The `:=` is a "SetDelayed operator", so that the x is not immediately looked for. `x_` is syntax sugar for `Pattern[x, Blank[]]`, i.e. a "blank" for any value to replace x in the rest of the evaluation.

An iteration of bubble sort is expressed as:

```sortRule := {x___,y_,z_,k___} /; y>z -> {x,z,y,k}
(* Rule[Condition[List[PatternSequence[x, BlankNullSequence[]], Pattern[y, Blank[]], Pattern[z, Blank[]], PatternSequence[k, BlankNullSequence[]]], Greater[y, z]], List[x, z, y, k]] *)
```

The `/;` operator is "condition", so that the rule only applies when `y>z`. The three underscores are a syntax for a `BlankNullSequence[]`, for a sequence that can be null.

A ReplaceRepeated `//.` operator can be used to apply this rule repeatedly, until no more change happens:

```{ 9, 5, 3, 1, 2, 4 } //. sortRule
(* = ReplaceRepeated[{ 9, 5, 3, 1, 2, 4 }, sortRule] *)
(* = {1, 2, 3, 4, 5, 9} *)
```

The pattern matching system also easily gives rise to rule-based integration and derivation. The following are excerpts from the Rubi package of rules:

```(* Reciprocal rule *)
Int[1/x_,x_Symbol] :=
Log[x];
(* Power rule *)
Int[x_^m_.,x_Symbol] :=
x^(m+1)/(m+1) /;
FreeQ[m,x] && NeQ[m,-1]
```

## Implementations

The official, and reference, implementation of the Wolfram Language lies in Mathematica and associated online services. These are closed source. Wolfram Research has, however, released a C++ parser of the language under the open source MIT License. The reference book is open access.

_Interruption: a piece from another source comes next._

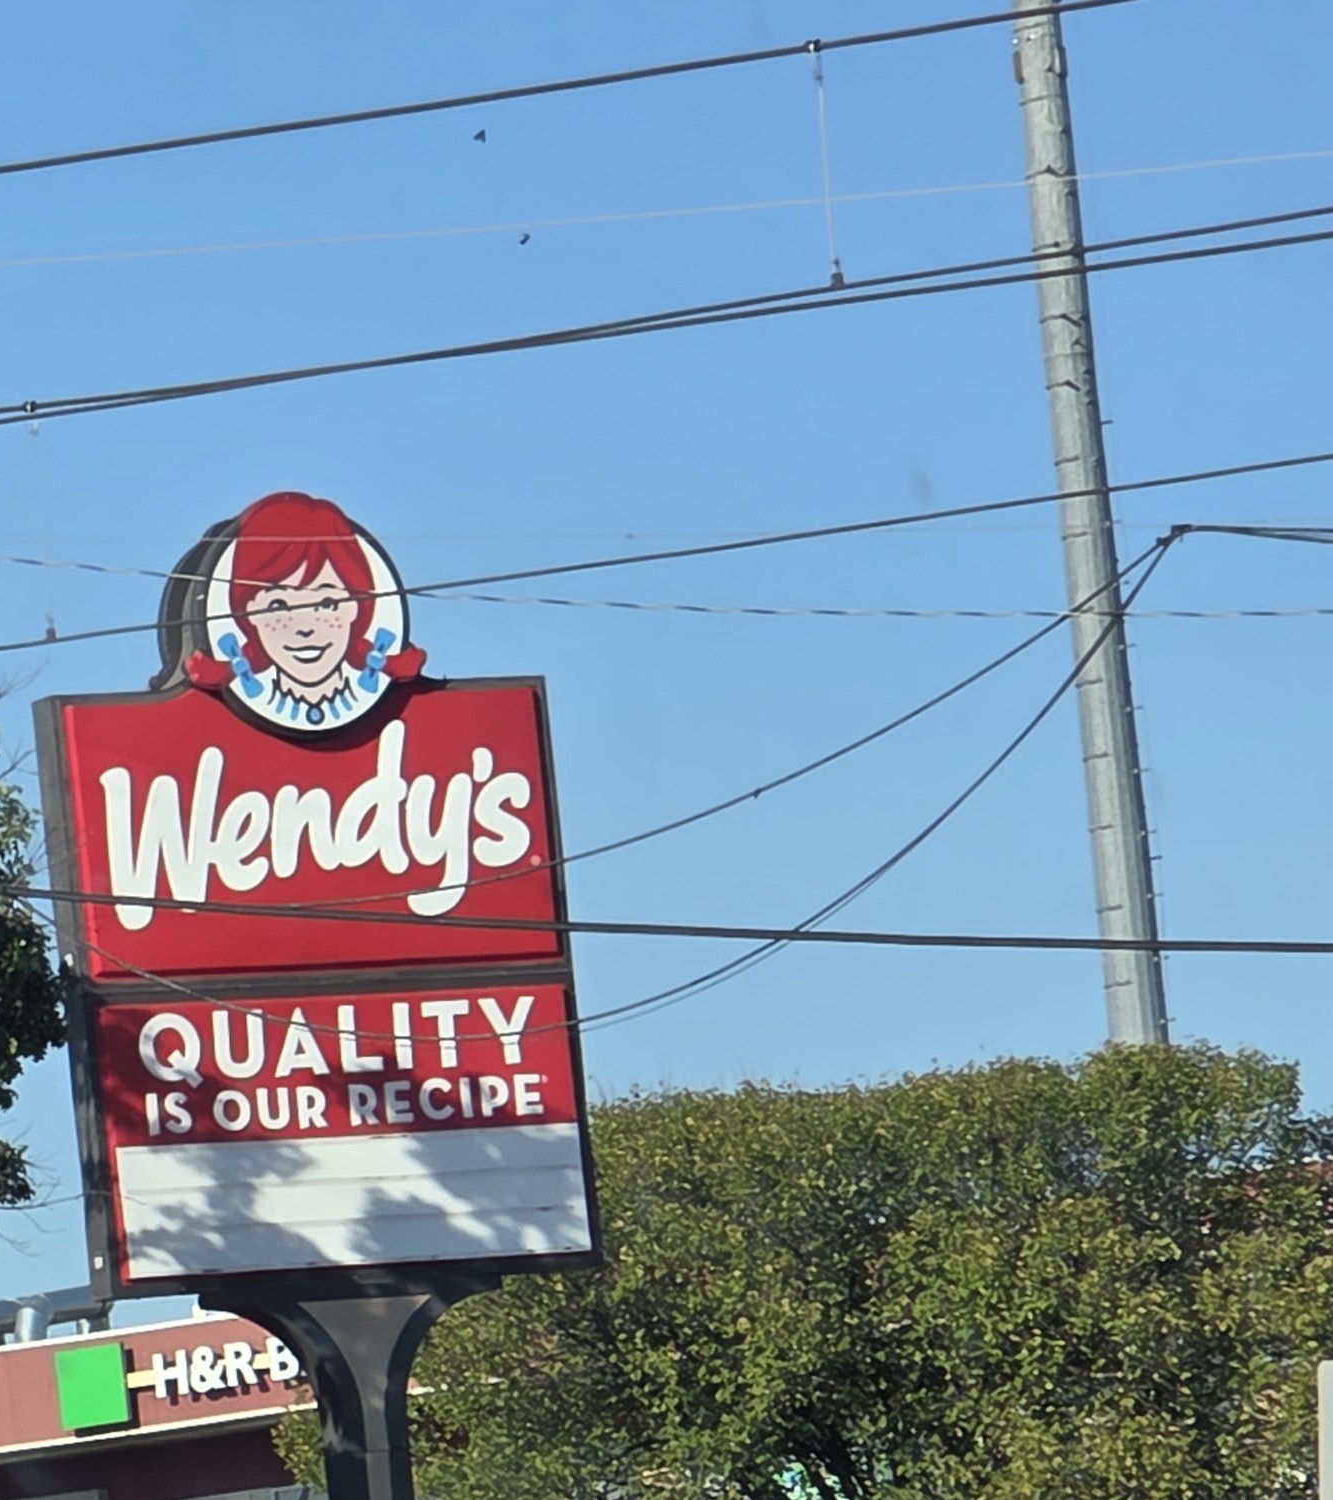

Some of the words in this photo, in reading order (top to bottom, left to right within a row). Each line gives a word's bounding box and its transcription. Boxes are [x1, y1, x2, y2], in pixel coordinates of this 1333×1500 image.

In the over three-decade-long existence of the Wolfram language, a number of open source third party implementations have also been developed. Richard Fateman's MockMMA from 1991 is of historical note, both for being the earliest reimplementation and for having received a cease-and-desist from Wolfram. Modern ones still being maintained as of April 2020 include Symja in Java, expreduce in Golang, and the SymPy-based Mathics. These implementations focus on the core language and the computer algebra system that it implies, not on the online "knowledgebase" features of Wolfram.

In 2019, Wolfram Research released a freeware Wolfram Engine, to be used as a programming library in non-commercial software.

## Naming

The language was officially named in June 2013 although, as the backend of the computing system Mathematica, it has been in use in various forms for over 30 years since Mathematica's initial release.